START TASK MATERIAL
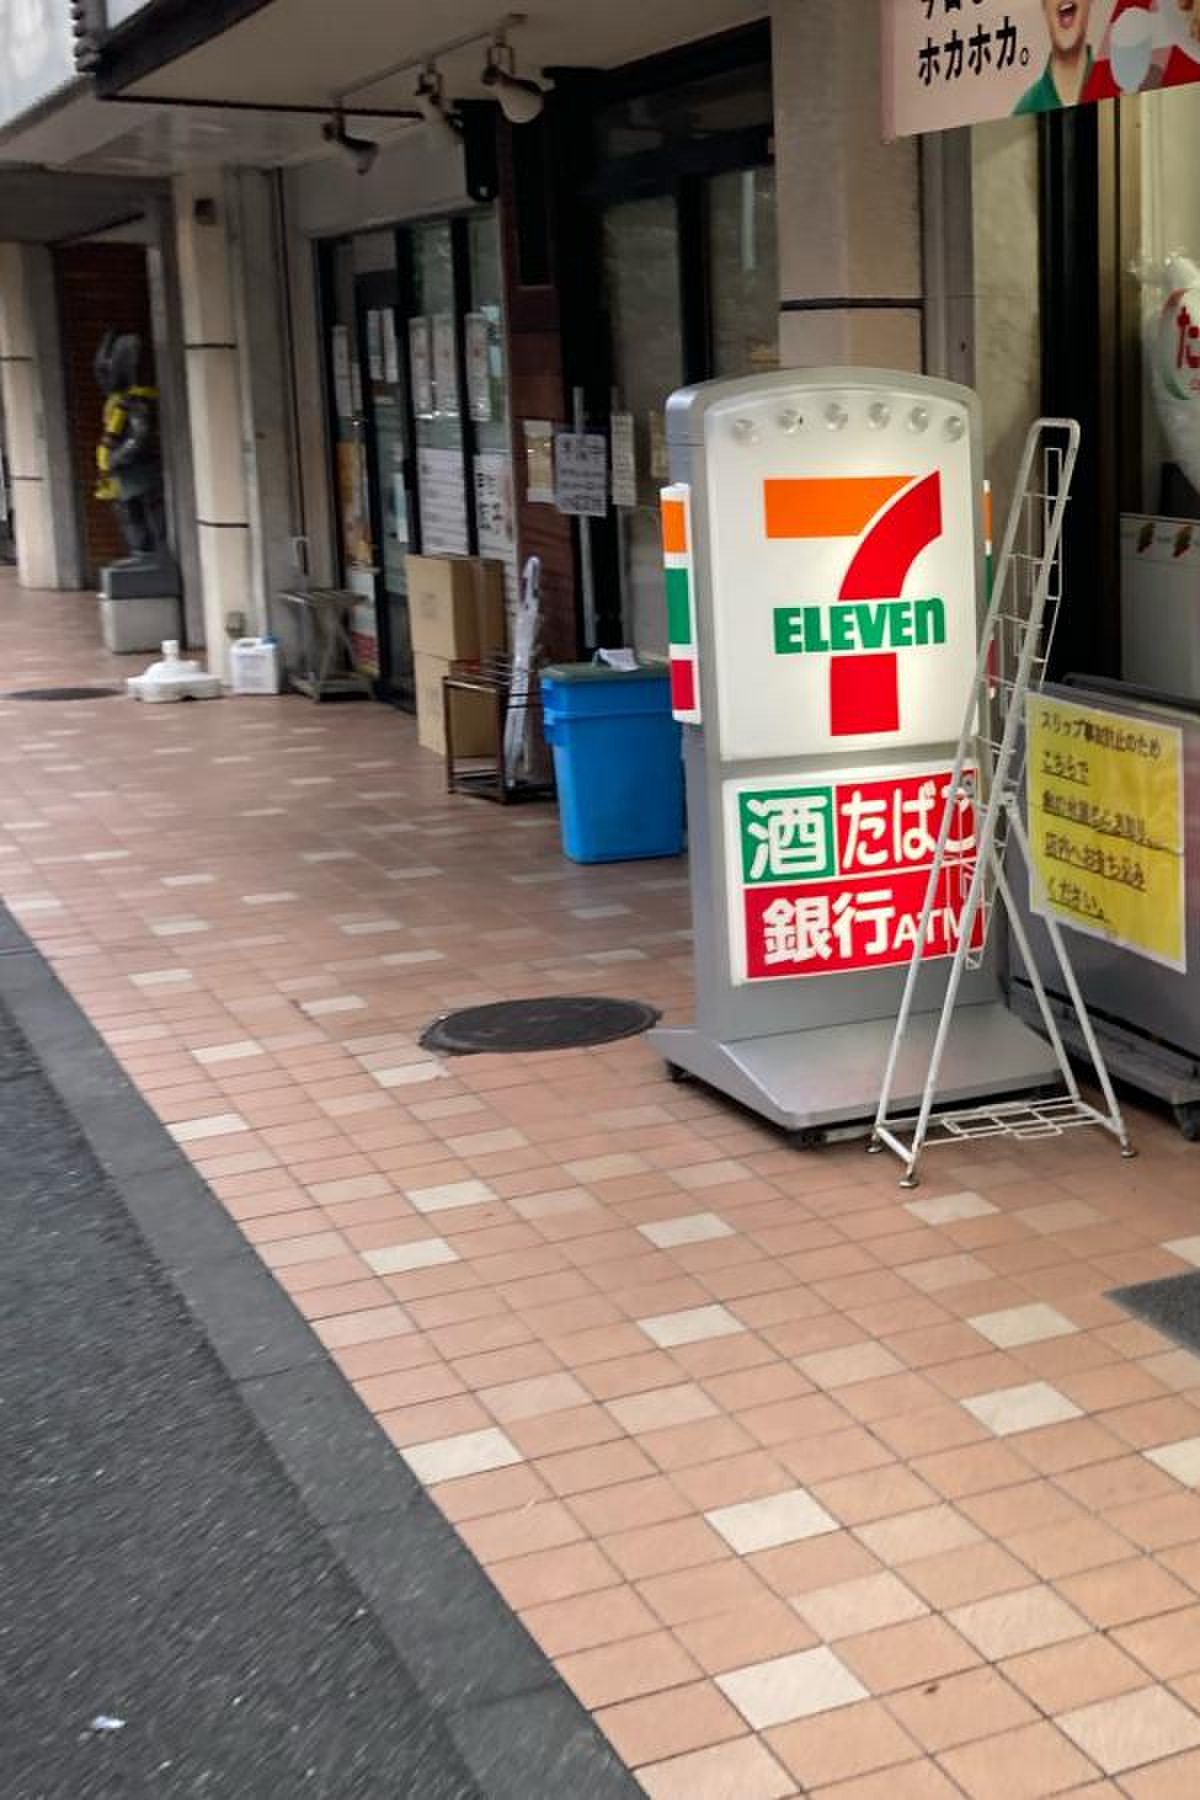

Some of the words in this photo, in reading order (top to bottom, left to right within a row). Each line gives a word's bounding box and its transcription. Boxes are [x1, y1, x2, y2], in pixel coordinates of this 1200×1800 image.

[918, 16, 1029, 86] ホカホカ。
[746, 795, 828, 880] 酒
[840, 781, 977, 869] たばこ
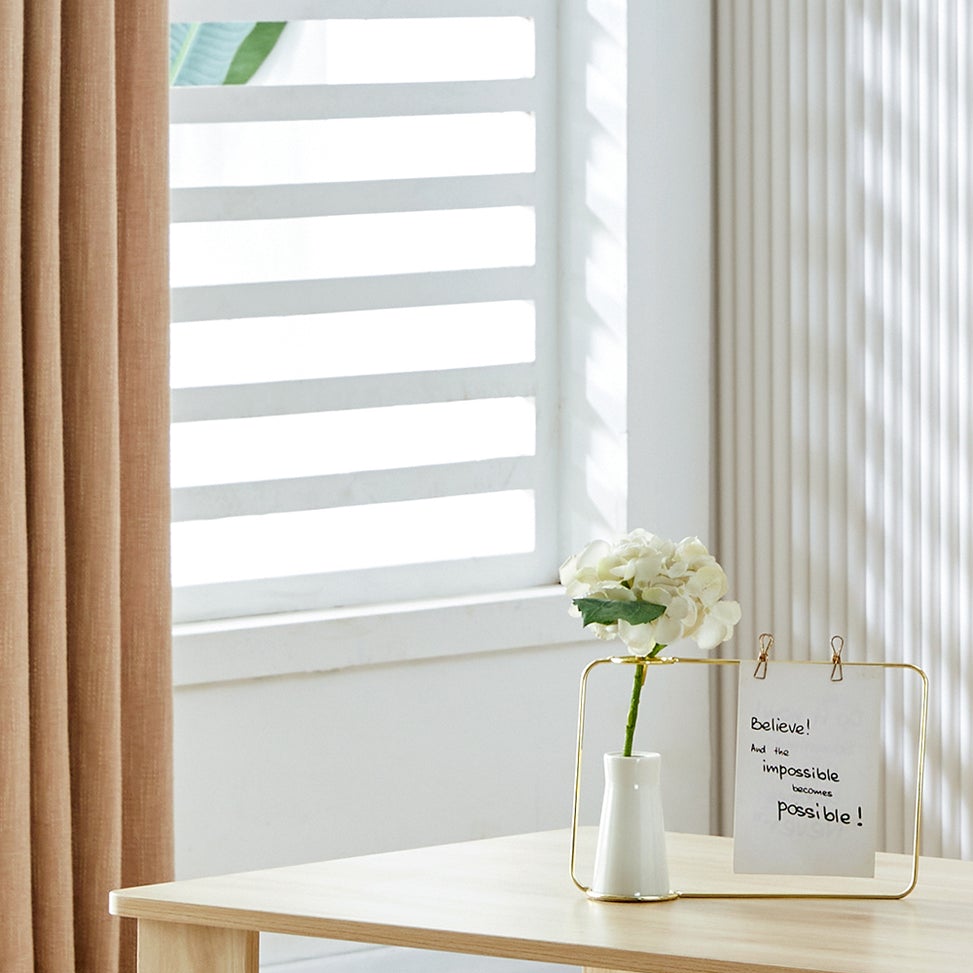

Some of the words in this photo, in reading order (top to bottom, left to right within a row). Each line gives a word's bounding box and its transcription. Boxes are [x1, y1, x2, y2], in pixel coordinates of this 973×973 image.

[750, 716, 811, 736] Believe!
[750, 744, 766, 754] And
[774, 747, 790, 757] the
[762, 759, 840, 783] impossible
[792, 784, 833, 798] becomes
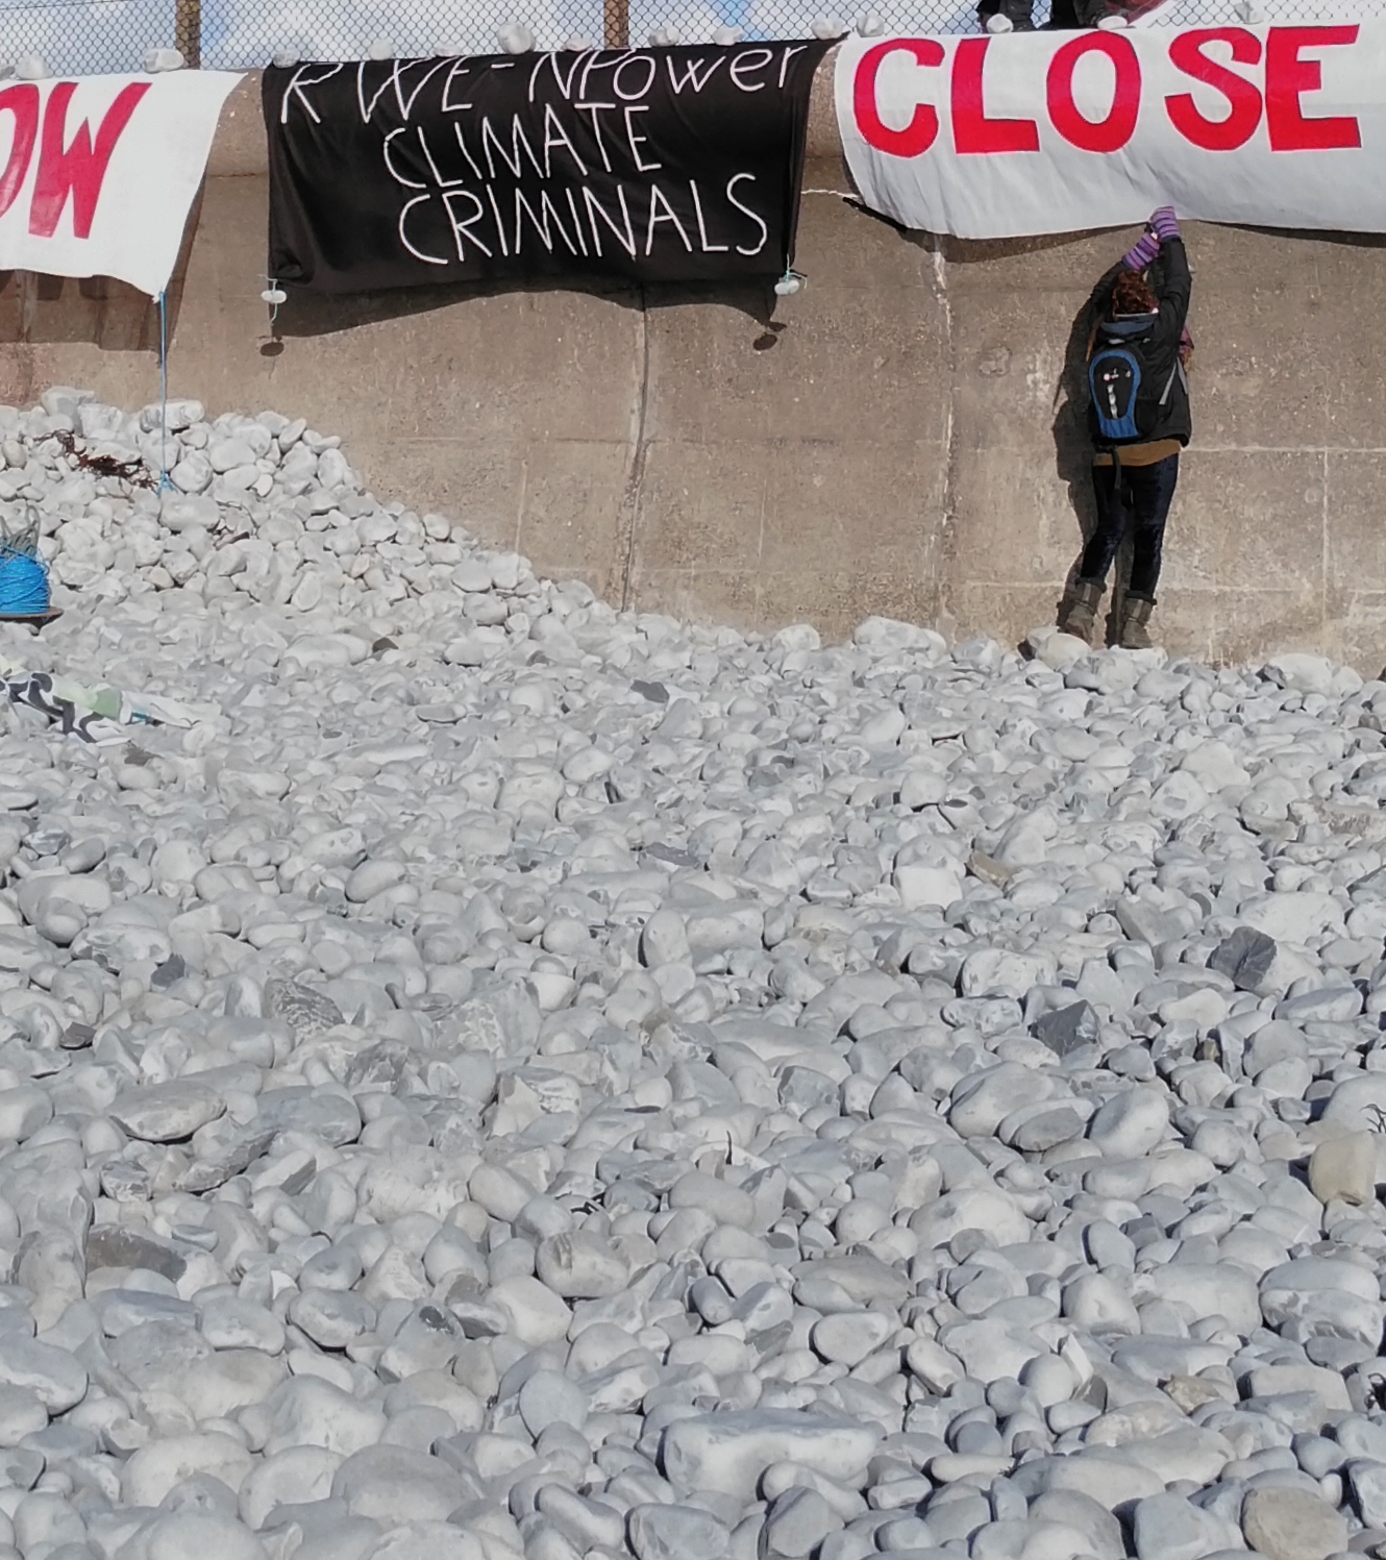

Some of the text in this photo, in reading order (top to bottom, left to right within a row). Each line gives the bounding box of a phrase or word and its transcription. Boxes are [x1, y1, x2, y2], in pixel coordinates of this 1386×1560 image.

[852, 23, 1362, 159] CLOSE
[382, 102, 663, 189] CLIMATE
[398, 172, 769, 266] CRIMINALS
END TASK MATERIAL
→ **ASSIGNED TASK**: Omitting all pictures, restate word for word the lines from the one containing "this 973×973 image." through the last line of the data.

→ **RESPONSE BELOW**:
Some of the words in this photo, in reading order (top to bottom, left to right within a row). Each line gives a word's bounding box and its transcription. Boxes are [x1, y1, x2, y2], in pixel coordinates of this 973×973 image.

[750, 716, 811, 736] Believe!
[750, 744, 766, 754] And
[774, 747, 790, 757] the
[762, 759, 840, 783] impossible
[792, 784, 833, 798] becomes

Some of the text in this photo, in reading order (top to bottom, left to right within a row). Each line gives the bounding box of a phrase or word and its transcription. Boxes are [x1, y1, x2, y2], in pixel coordinates of this 1386×1560 image.

[852, 23, 1362, 159] CLOSE
[382, 102, 663, 189] CLIMATE
[398, 172, 769, 266] CRIMINALS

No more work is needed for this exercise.